George Saunders: I like the idea of alteration. You come in in one state, and you go out in another. It occurs to me that the reason I’m still interested in it is— to have written a book and surprised yourself in the process is so fun. To say, ‘Oh I wasn’t done after all. There are still other selves to come forward.’ When I was younger, I had a more complicated matrix of motivation. There was ambition, for sure. Earning a living. Now it feels like the form is taunting me. I realize how little I’ve done in writing, and how vast it is. There are new places to go. Just the idea of spending the next year popping out new kinds of stories makes me really happy.
SF: Is that what you see when you look ahead?
GS: Yeah. On one level, that’s kind of both good and bad. Fast forward and I’m 96, hey he had eighteen more stories, whoops he’s dead. There’s another level for me which also has to do with alteration. Can I actually become a more relaxed, generous, loving person? I always had this idea that someday I’ll do a big retreat, or I’ll get back to meditating more regularly. But– I tend to not. So, I don’t know. It’s on my mind. Left to my own devices, I’m a pretty productive, pretty anxious, semi-loving person. That’s not probably going to be good enough. At some point that’s going to wear thin.
SF: You’re all these people at once.
GS: A certain person is dominating in a given moment. To me, it’s a thrilling idea that you could change that. You could somehow do certain things, and a different aspect of yourself would be dominant. Just thinking back on the time I was the biggest mess, versus the time I felt the very best, the thing is— the world changes around that person. And because the state of your mind is different, the world coming in is actually processed differently. It’s an incredible opportunity.

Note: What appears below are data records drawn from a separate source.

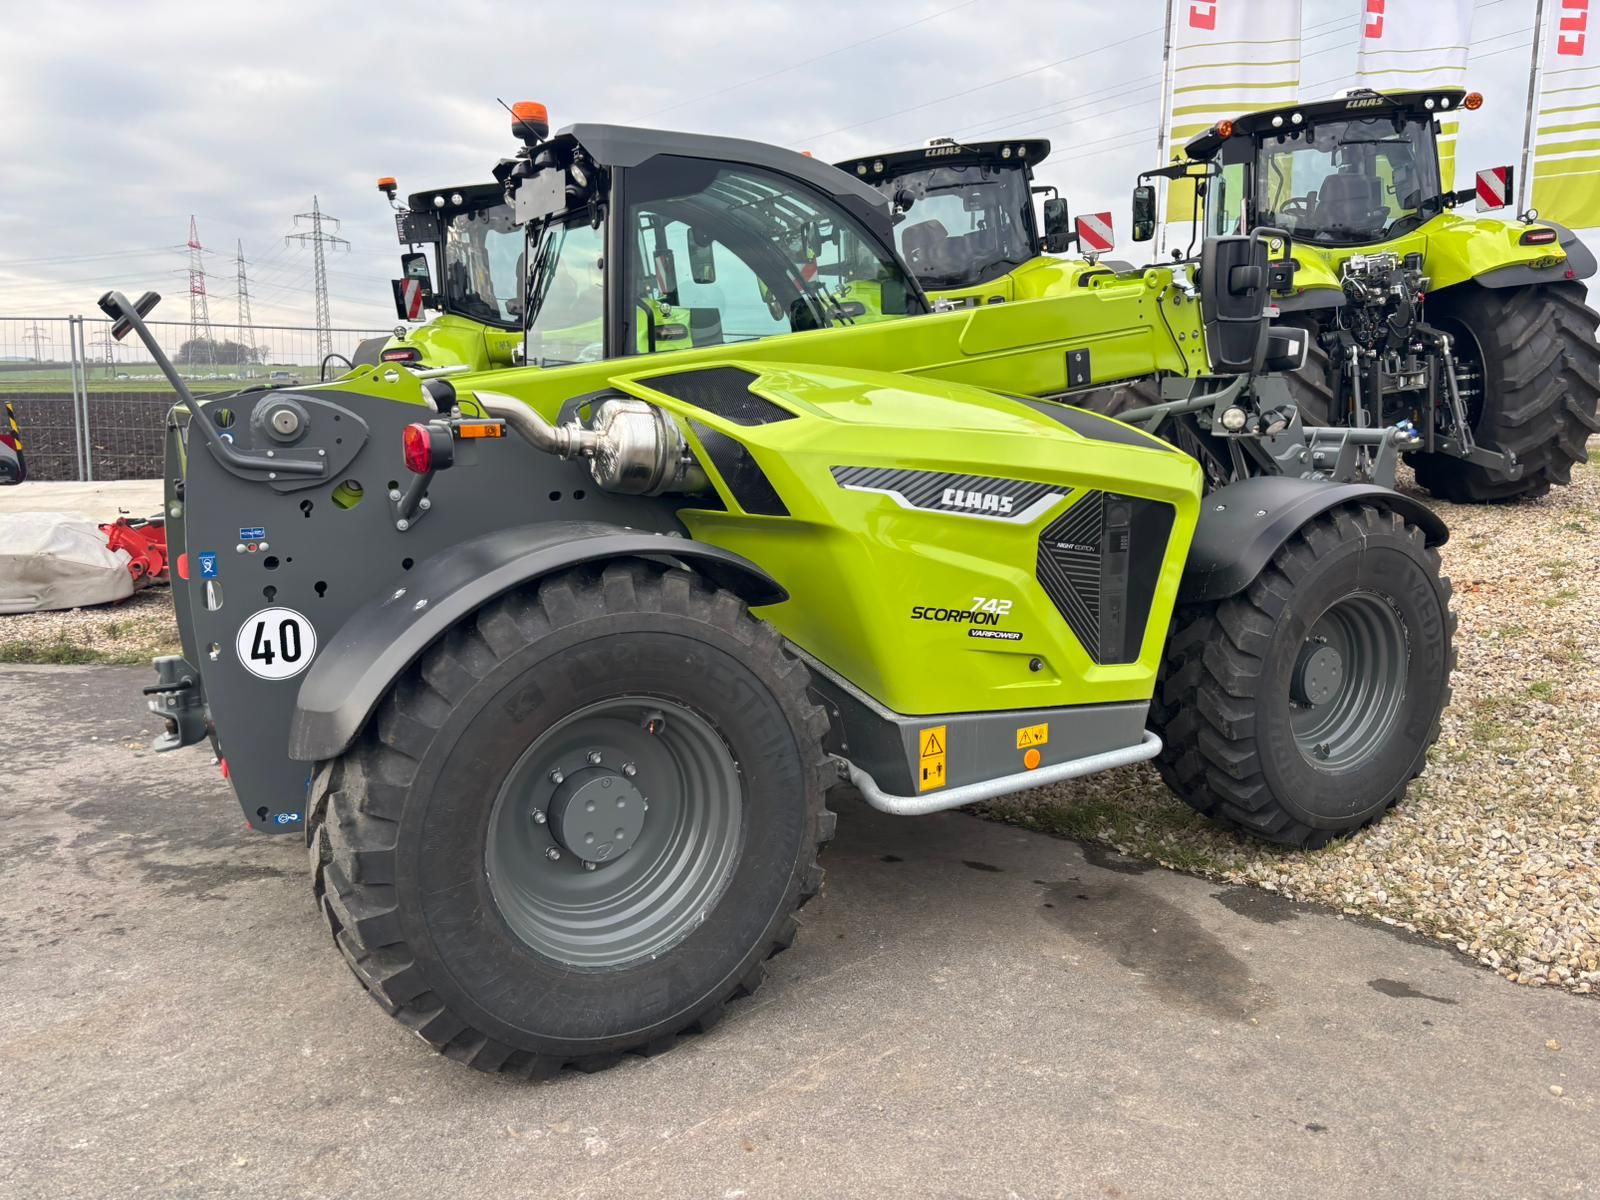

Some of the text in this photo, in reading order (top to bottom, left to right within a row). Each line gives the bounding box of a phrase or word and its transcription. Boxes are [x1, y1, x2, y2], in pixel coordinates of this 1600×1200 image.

[1345, 97, 1385, 109] CLAAS
[925, 146, 961, 157] CLAAS
[941, 488, 1014, 513] CLAAS
[1074, 544, 1096, 552] EDITION
[970, 596, 1013, 615] 742
[911, 606, 1000, 626] SCORPION
[251, 618, 302, 665] 40
[970, 629, 1020, 639] VARIPOWER

SF: You’ve talked about the power of art being that, if it works, you leave it on the other side just slightly different. You enter a different kind of state. And, I have to say, having read every page of Liberation Day, I left it feeling just like that: in a different state.

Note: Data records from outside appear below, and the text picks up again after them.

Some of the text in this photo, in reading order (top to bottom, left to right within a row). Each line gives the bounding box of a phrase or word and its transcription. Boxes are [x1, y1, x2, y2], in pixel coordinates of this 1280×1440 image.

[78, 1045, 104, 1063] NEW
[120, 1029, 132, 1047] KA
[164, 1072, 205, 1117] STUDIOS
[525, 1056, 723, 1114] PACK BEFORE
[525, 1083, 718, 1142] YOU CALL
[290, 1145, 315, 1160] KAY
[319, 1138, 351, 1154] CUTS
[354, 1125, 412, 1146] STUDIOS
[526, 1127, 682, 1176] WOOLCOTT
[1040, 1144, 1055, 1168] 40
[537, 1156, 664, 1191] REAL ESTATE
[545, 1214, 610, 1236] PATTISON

GS: How would you characterize a different state?
SF: I’d characterize it the same way we characterized it earlier. Which was— when something horrible happens, like a death, or something great happens, like a job promotion, these big things sort of snap you out of the quotidian. Like a snow globe, it jostles you around a little, and it makes you actually look around with a fresh set of eyes, the same way you do walking out of a movie theater when the movie is good. You go into the theater in a certain way, you walk out and think, wow, even the not-so-interesting restaurant that is in front of me has a glimmer to it.
GS: I always think after a good work of art, the birds matter more, like story birds. Something like that. Yeah, that’s beautiful.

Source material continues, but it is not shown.